A New York City drug treatment center is now facing major backlash from the Internal Revenue Service after being accused of nearly $1 million in shady spending. The recent audit showed that Samaritan Village, which provides residential, outpatient and methadone treatment, billed the state for $973,881 between July 1, 2009, and June 30, 2010, for unallowable, inappropriate, questionable, or undocumented expenses. The treatment center is currently under a $73.3 million, five-year contract with the state that expires this June.

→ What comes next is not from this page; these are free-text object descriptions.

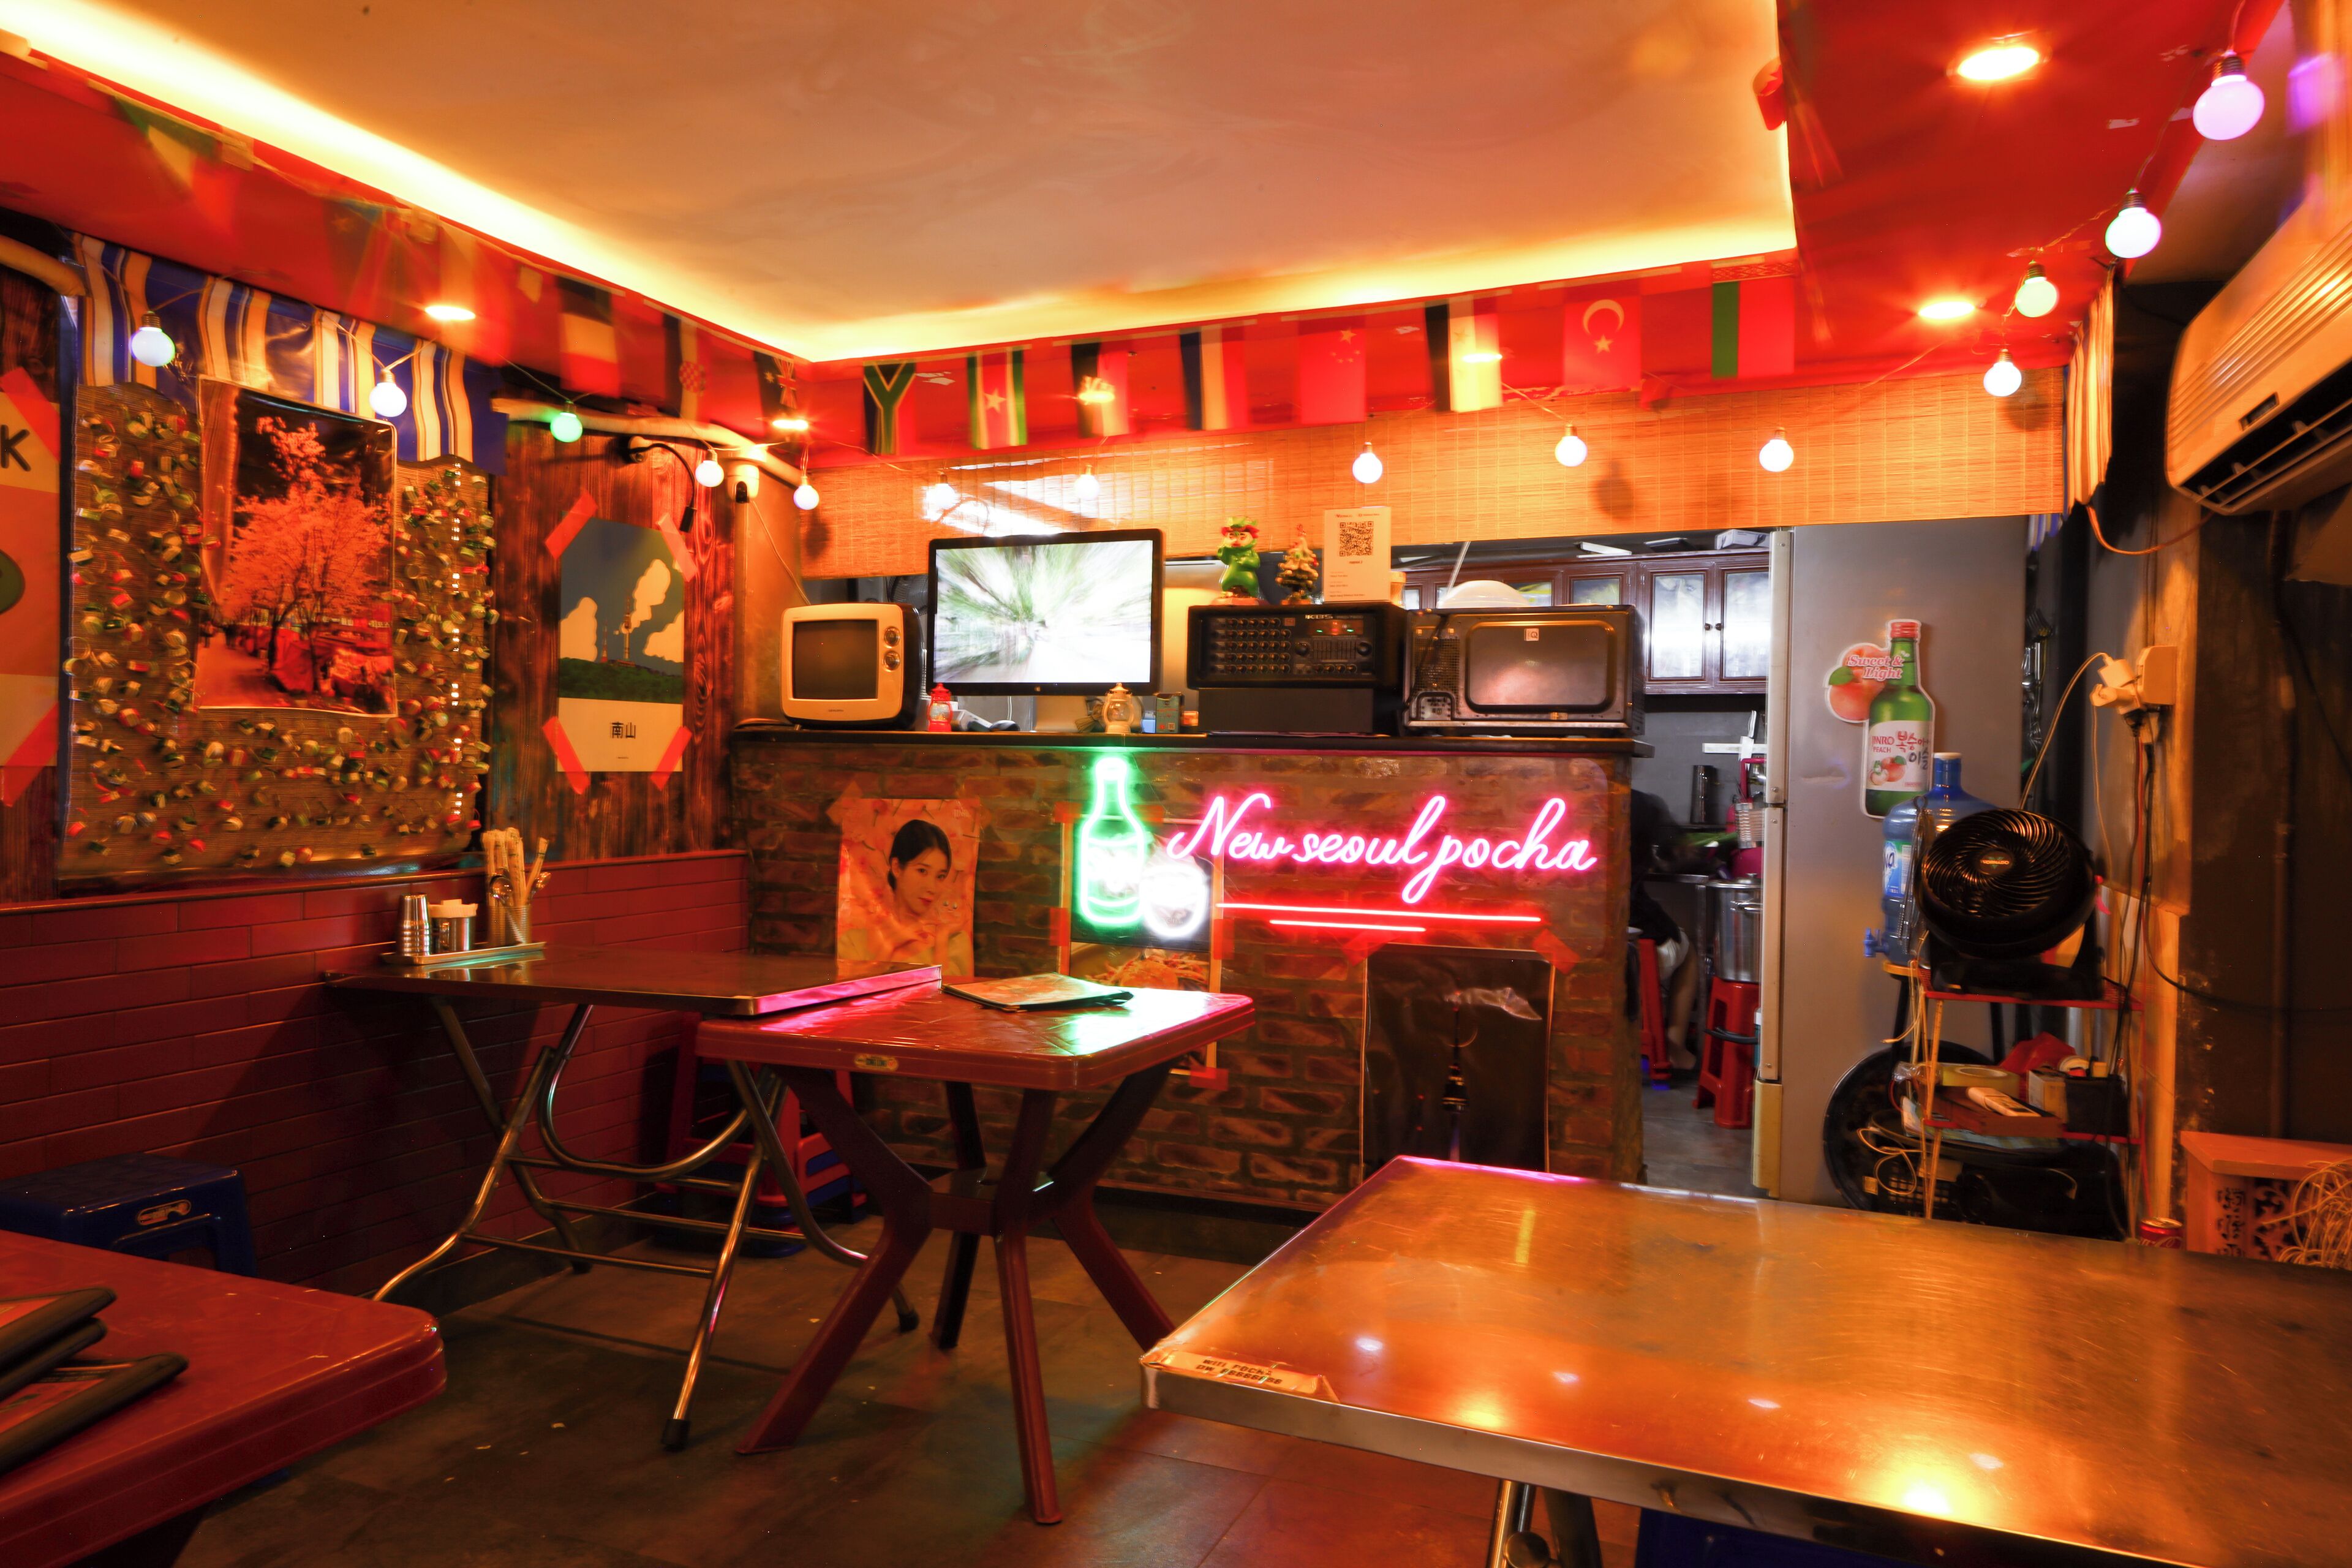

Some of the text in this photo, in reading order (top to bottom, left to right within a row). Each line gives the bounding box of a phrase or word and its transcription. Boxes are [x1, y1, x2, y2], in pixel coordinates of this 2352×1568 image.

[1848, 655, 1904, 666] Sweet &
[1863, 666, 1902, 681] Light
[611, 722, 636, 739] 南山
[1872, 736, 1894, 745] JINRO
[1166, 793, 1598, 904] New seoul pocha

The questionable expenses of Samaritan Village involved giving clients nearly $407,000 to spend on day trips and public transportation, including $132,541 for “walk around money.” Most of these payouts were unnecessary because clients already received a personal needs allowance that covered these expenses. The audit conducted by state Controller Thomas DiNapoli also found that that nonprofit gave 203 employees non-performance based bonuses of $1,083, which totaled $220,000. DiNapoli said the bonuses were a reallocation of unspent state money.
The state Office of Alcoholism and Substance Abuse Services was also slammed by the audit for ineffectively monitoring how Samaritan Village spent its money, declaring that the agency “needs to improve its oversight of how contractors are using public money so taxpayers don’t get the short end of the stick.” But the agency’s general counsel, Robert Kent, objected to many of the audit findings and said they had greatly improved monitoring in recent years.